If so, it's the result that's wrong.
Bill
So according to the logic that I am seeing for both Win32 and Unix,
NetWare is a cross between them. NetWare does not understand UNC
paths
so returning APR_EINCOMPLETE with "//" would be incorrect. Also,
returning APR_SUCCESS with "/" would be incorrect as well since a
complete path would require a volume specifier such as "SYS:". So
I
believe that what it is returning now, APR_EINCOMPLETE with "/" is
correct on NetWare.
Am I missing something?
Yup. On Win32/OS2, the path '/foo' root is 'c:/' path 'foo'. The
result
is complete because it was rooted (to currect drive).
With UNC paths, the path '//' is incomplete because we don't know
the
machine and drive.
On Netware, is the path '/foo' sufficiently absolute? I would think
it is.
No, not really because NetWare doesn't have a good concept of "current
working directory". IOW, if Apache starts from vol2:/apache2, calling
getcwd() doesn't necessarily get you "vol2:/apache2" back. Given a path
of "/foo", NetWare will assume "sys:/foo" which isn't necessarily
correct.
Of course you can use 'bar:bash/foo', and 'bar/bash' is not absolute,
while
the 'bar:/foo' or ':bash/foo' syntaxes are probably incomplete.
The incomplete root result implies that the system can't figure out
how to
break apart the path because some information is missing.

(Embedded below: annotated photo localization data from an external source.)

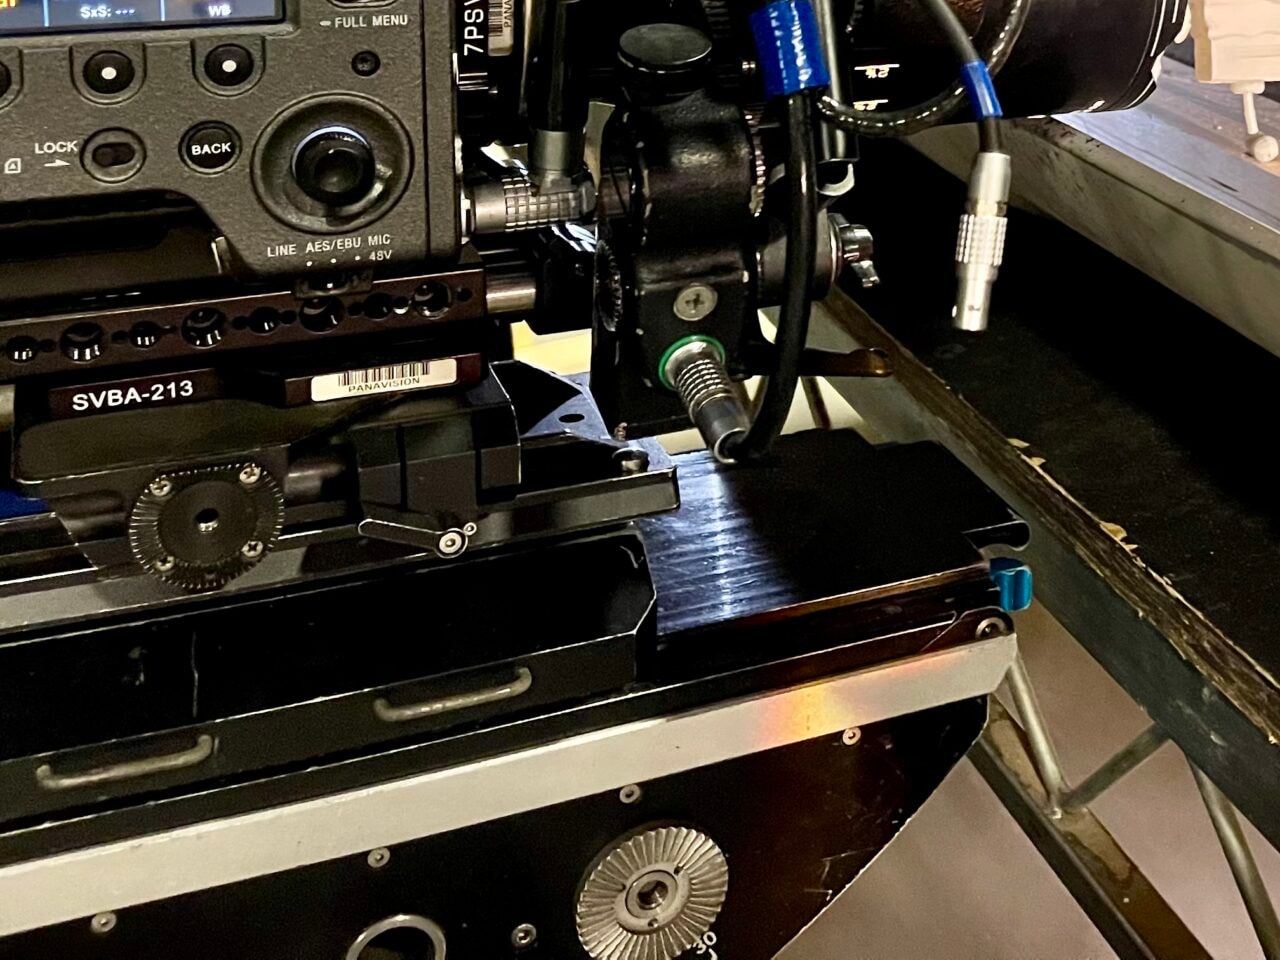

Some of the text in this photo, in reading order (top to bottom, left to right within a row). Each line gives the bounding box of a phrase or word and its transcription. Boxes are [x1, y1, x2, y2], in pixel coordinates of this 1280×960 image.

[208, 4, 232, 18] WB
[334, 14, 409, 29] FULL MENU
[34, 140, 78, 154] LOCK
[191, 142, 232, 156] BACK
[267, 233, 391, 257] LINE AES/EBU MIC
[369, 249, 393, 261] 48V
[348, 376, 421, 393] PANAVISION
[72, 380, 194, 411] SVBA-213
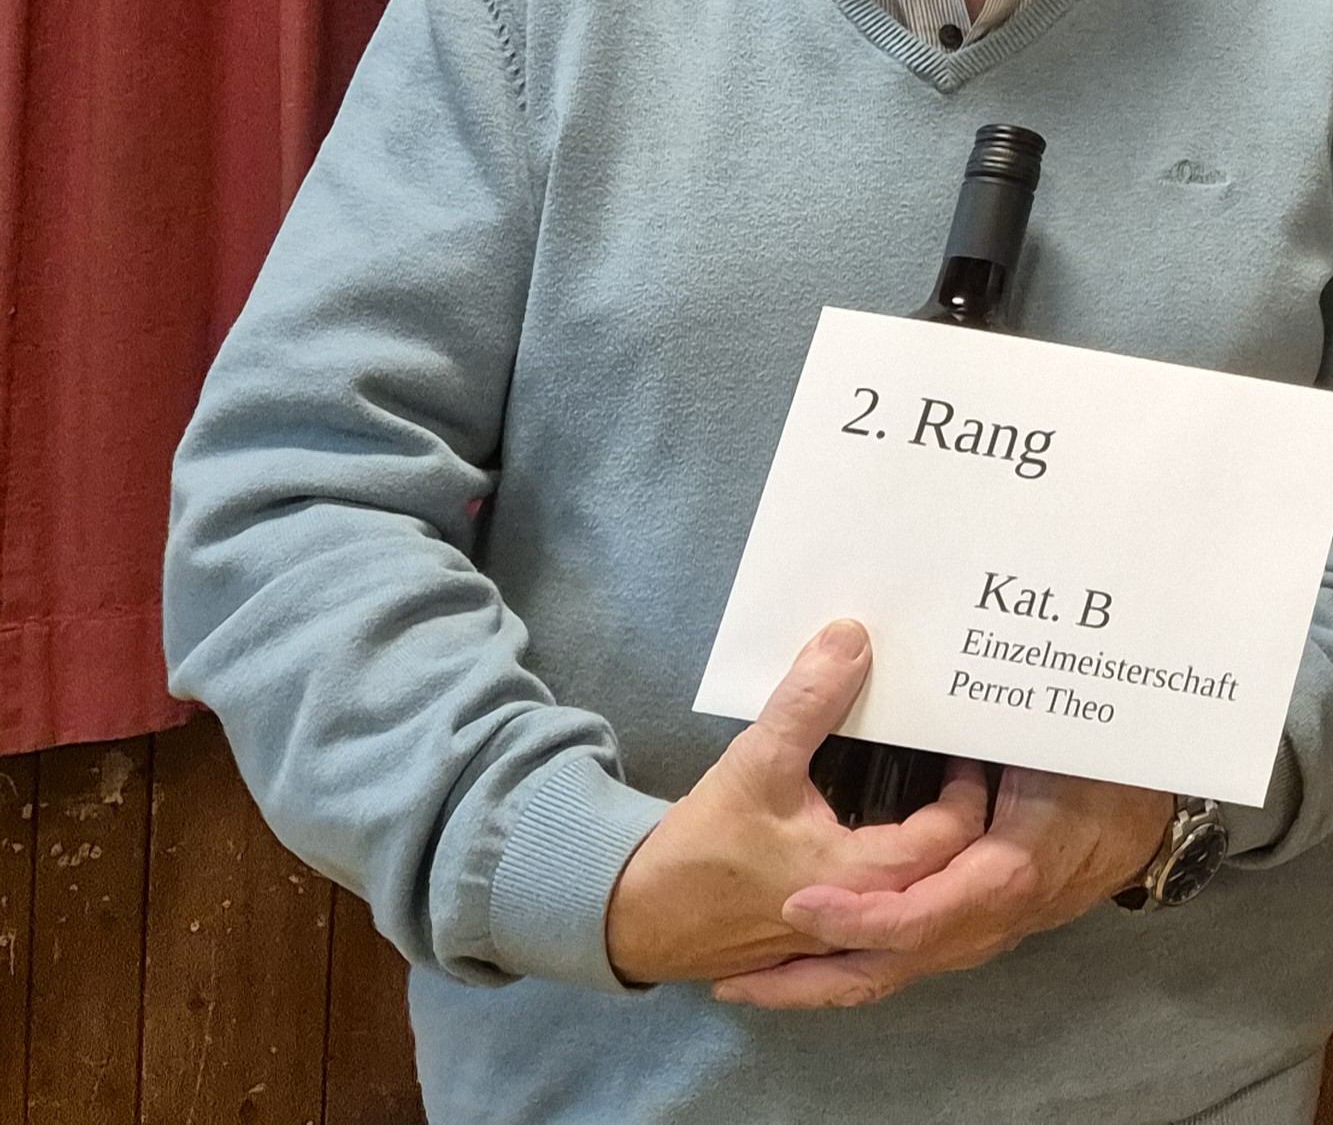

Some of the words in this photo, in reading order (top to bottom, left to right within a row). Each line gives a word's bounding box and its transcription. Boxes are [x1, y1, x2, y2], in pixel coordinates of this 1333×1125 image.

[841, 387, 886, 440] 2.
[907, 397, 1057, 480] Rang
[974, 571, 1059, 622] Kat.
[1075, 589, 1113, 629] B
[948, 670, 1036, 711] Perrot
[1045, 686, 1115, 724] Theo
[960, 628, 1239, 702] Einzelmeisterschaft

You can't,
on any
UNC path, do a directory listing of '//foo/*'. You can for
'//foo/bar/*'
and
you can for '/bash/*'.
Bil
Bottom line is that neither of the results in the test seem valid on
NetWare. Returning APR_SUCCESS with a path of "/" seems wrong because
an assumption is being made about what "/" means. And returning
APR_EINCOMPLETE with a path of "//" seems wrong because the path isn't
incomplete, it is invalid.
Successive slashes are legal (and should be compressed).
But I can see where you are right, if the Netware port doesn't accept the
'/foo' path, then it's wrong (but I thought '/foo' implies local:sys/foo).
So we should special-case this result on Netware.
I'm almost of a mind that since 'machine:vol\path' is the normal syntax, and
we have several platforms which support similar, that we might want to permit
'//machine/vol/path' on Netware as a portable syntax, accepting either <shrug>.